▶ _Image-backed grounding data_
┏━━
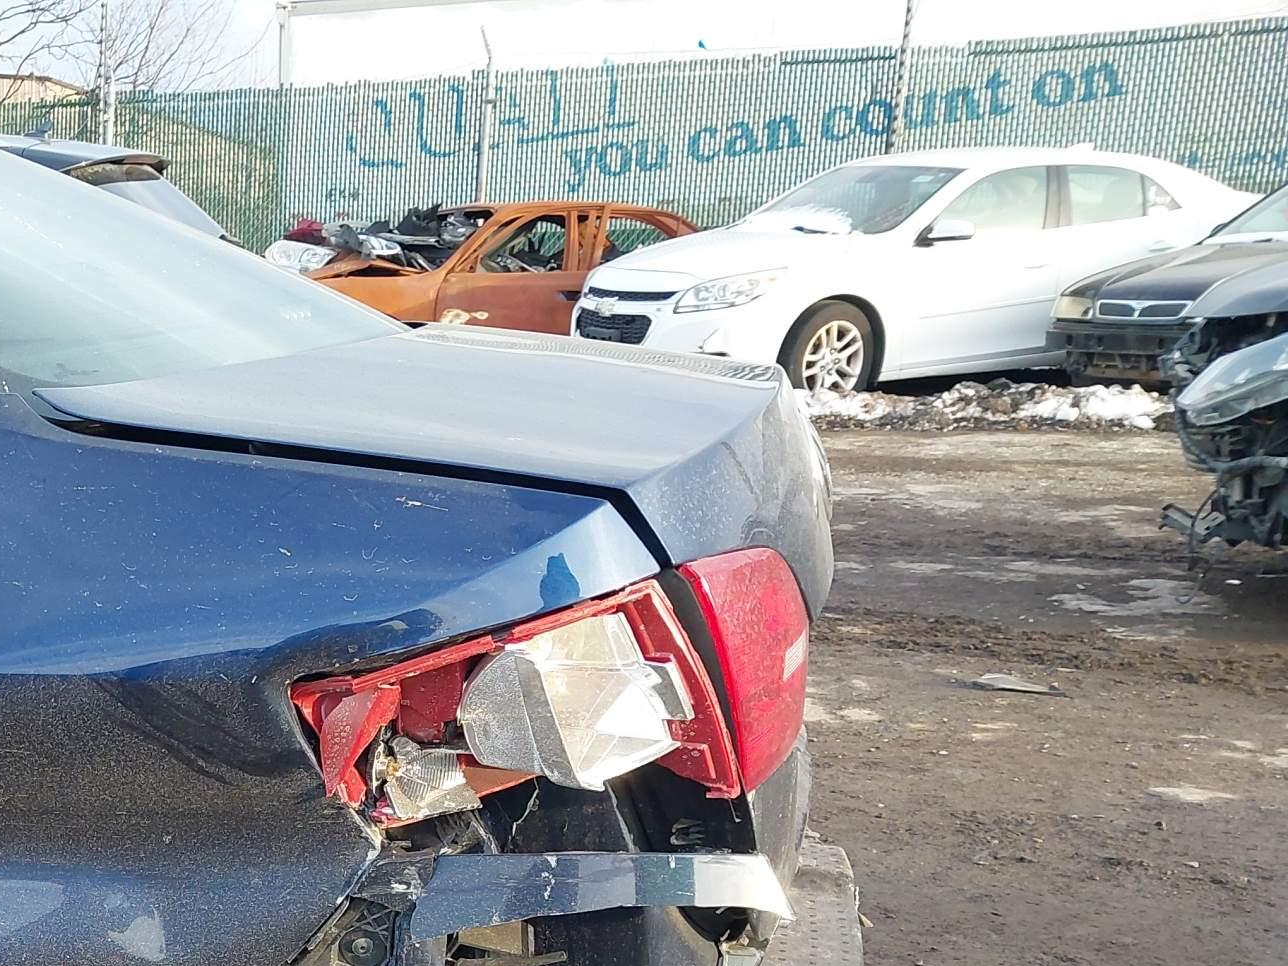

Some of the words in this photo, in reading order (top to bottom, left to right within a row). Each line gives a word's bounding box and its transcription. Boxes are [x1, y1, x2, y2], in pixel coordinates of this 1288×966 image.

[564, 138, 669, 193] you
[687, 114, 806, 163] can
[820, 66, 1014, 142] count
[1031, 61, 1125, 108] on
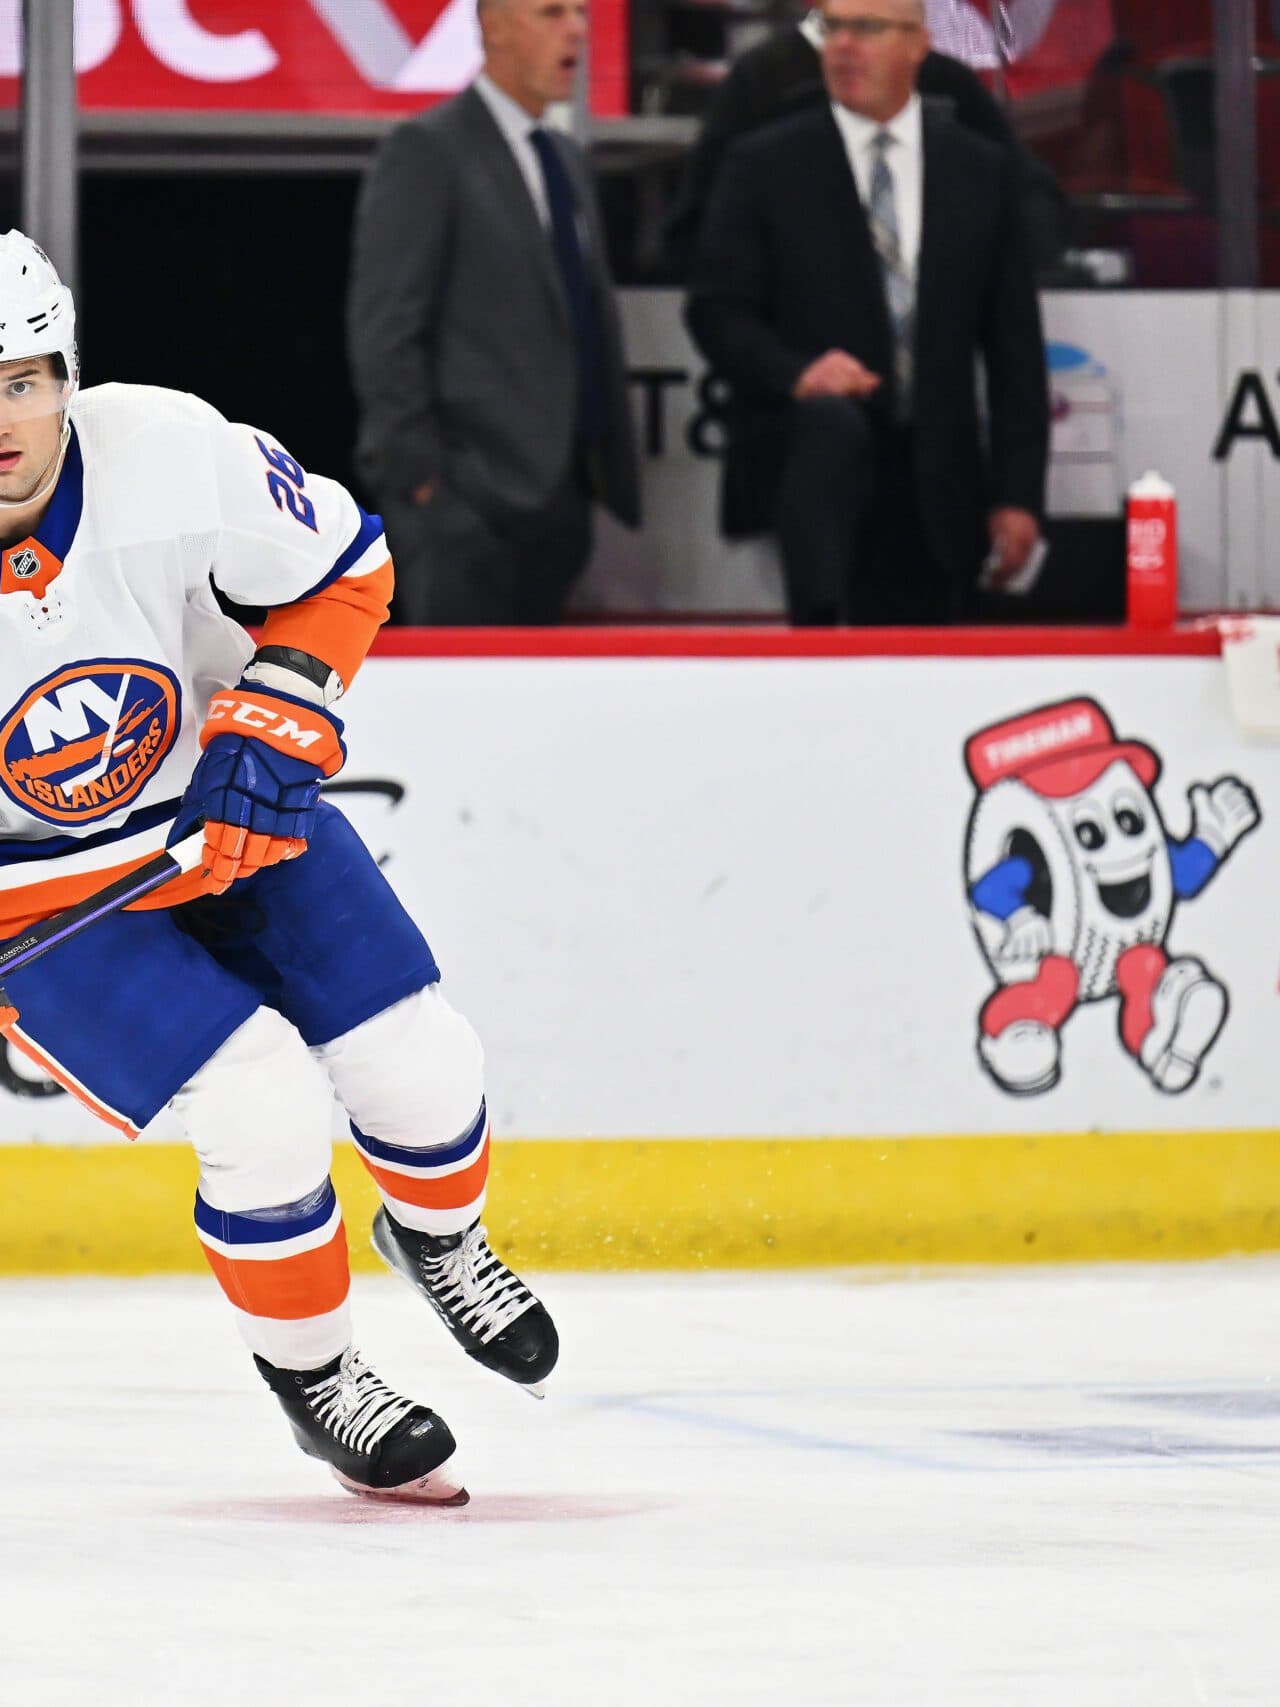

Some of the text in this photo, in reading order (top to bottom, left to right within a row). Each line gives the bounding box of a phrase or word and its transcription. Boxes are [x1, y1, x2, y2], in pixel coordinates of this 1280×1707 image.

[253, 433, 320, 535] 26
[23, 673, 131, 754] NY
[208, 699, 324, 749] CCM
[24, 716, 163, 810] ISLANDERS
┗━━
Write down only the closing run of lines: the one containing "Some of the text" and every line after it to the end of the entries, exactly.

Some of the text in this photo, in reading order (top to bottom, left to right within a row). Each line gives the bounding box of a phrase or word and its transcription. Boxes are [x1, y1, x2, y2], in pixel coordinates of this 1280×1707 image.

[253, 433, 320, 535] 26
[23, 673, 131, 754] NY
[208, 699, 324, 749] CCM
[24, 716, 163, 810] ISLANDERS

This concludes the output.